A health savings account (HSA) is one of the most advantageous ways to save money for the future, including for retirement. Its primary purpose, however, is to help accountholders save and pay for current or future healthcare expenses.
HSAs have three primary tax advantages, but one is conditional. Contributing to an HSA and growing an HSA (through interest and potentially through investing1) can bring you tax savings2, but when you spend your HSA funds, you can only realize tax savings for qualified medical expenses.
What are qualified medical expenses?
Qualified medical expenses are designated by the IRS. They include certain medical, dental, vision and prescription expenses you can pay for with your HSA (or other healthcare savings accounts) funds. Some qualifying expenses include deductibles, co-payments, flu shots, hearing aids, immunizations, physical exams and many more.
When you use your HSA funds to pay for qualified medical expenses, you are not taxed on the purchase. This is the third tax advantage of HSAs, and one that can save HSA accountholders hundreds (or even thousands) of dollars over the life of the HSA.
What are non-qualified medical expenses?
It is important to remember that not every medical, dental, vision or prescription expense is considered qualified. Non-qualifying expenses might include cosmetic procedures, veneers, teeth whitening, diet foods and many more.
To make things more complicated: some medical, dental, vision or prescription expenses may be qualified if certain requirements are met. For example, paying for aspirin over-the-counter is a non-qualified expense, but if the accountholder gets a prescription from a doctor for the aspirin, the expense is considered qualified.
And, of course, items such as TVs, concert tickets, phones, groceries, etc. are never qualified expenses for HSAs.
Who has the responsibility to oversee HSA fund purchases?
It is your responsibility as the HSA owner to ensure you are spending your HSA funds on qualified medical expenses. Neither your employer nor your HSA provider will ask for documentation to prove you are spending your HSA funds on qualified medical expenses.
However, the IRS may ask for proof that your HSA funds were spent appropriately.3 You should save receipts and keep careful records of how HSA funds are spent in case you are audited. HealthEquity allows members to easily and efficiently upload receipts to their account using the app or member portal.
If the IRS finds you spent your HSA funds on non-qualified medical expenses — or if you cannot prove the purchase was a qualified medical expense — the purchase will be subject to tax, and you could be charged an additional 20% tax penalty.
There is one exception: If you are age 65 or older, you can use your HSA funds for any purpose.4 If the expense is a non-qualified medical expense, you will be subject to income taxes, but you will not be subject to the 20% tax penalty. If you spend your HSA funds on qualified medical expenses, you will not be taxed.

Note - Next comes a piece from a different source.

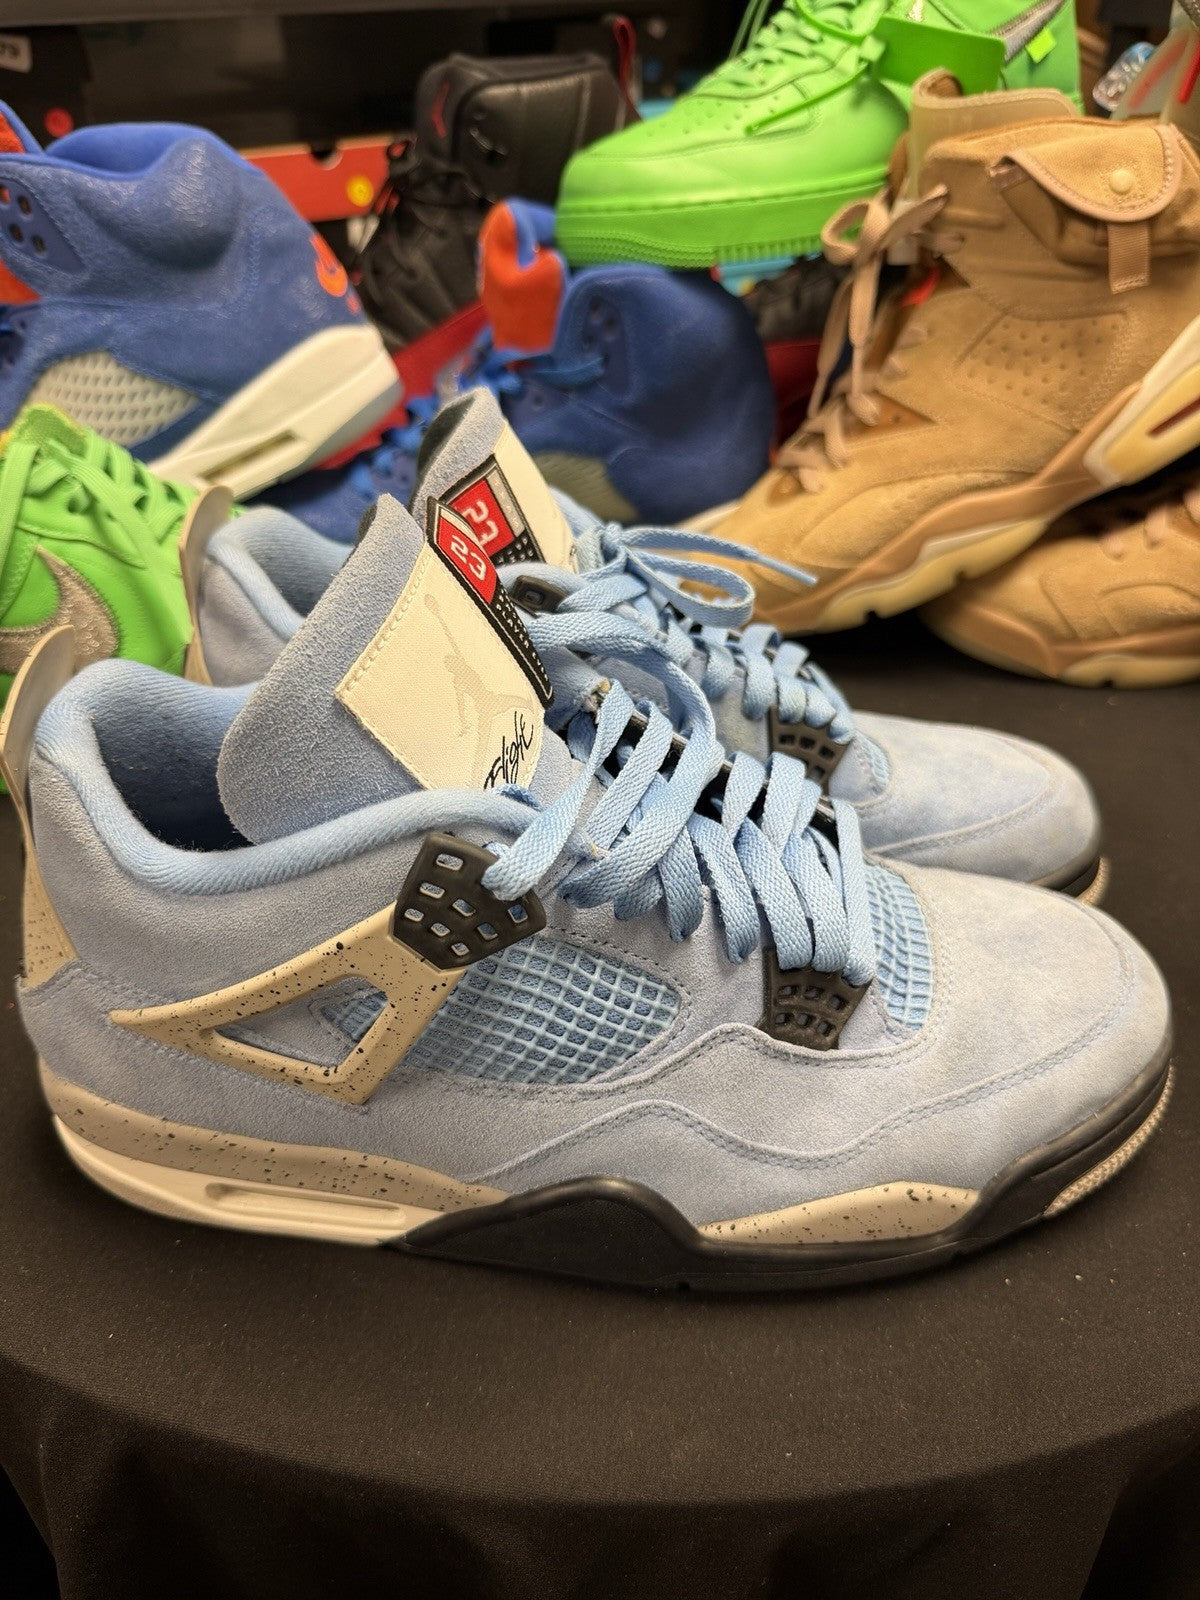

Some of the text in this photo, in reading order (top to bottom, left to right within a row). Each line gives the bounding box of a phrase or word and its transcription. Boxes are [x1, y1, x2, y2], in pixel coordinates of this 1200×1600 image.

To take full advantage of the tax benefits that come from having an HSA, you must follow the rules and guidelines set by the IRS. One of these rules is that you should only spend your HSA funds on qualified medical expenses or you could face tax penalties. Spending HSA funds on qualified medical expenses can help you save hundreds of dollars over the life of your HSA.
To learn more about qualified medical expenses, please visit HealthEquity.com/QME.
1Investments are subject to risk, including the possible loss of the principal invested and may not be eligible for federal depository insurance by the FDIC or NCUA or guaranteed by HealthEquity. Investing may not be suitable for everyone and before making any investments, review the fund’s prospectus.
2HSAs are never taxed at a federal income tax level when used appropriately for qualified medical expenses. Also, most states recognize HSA funds as tax-free with very few exceptions. Please consult a tax advisor regarding your state’s specific rules.
3It is the members’ responsibility to ensure eligibility requirements as well as if they are eligible for the expenses submitted.
4After age 65, if you withdraw funds for any purpose other than qualified medical expenses, you will be subject to income taxes. Funds withdrawn for qualified medical expenses will remain tax-free.
Nothing in this communication is intended as legal, tax, financial, or medical advice. Always consult a professional when making life-changing decisions.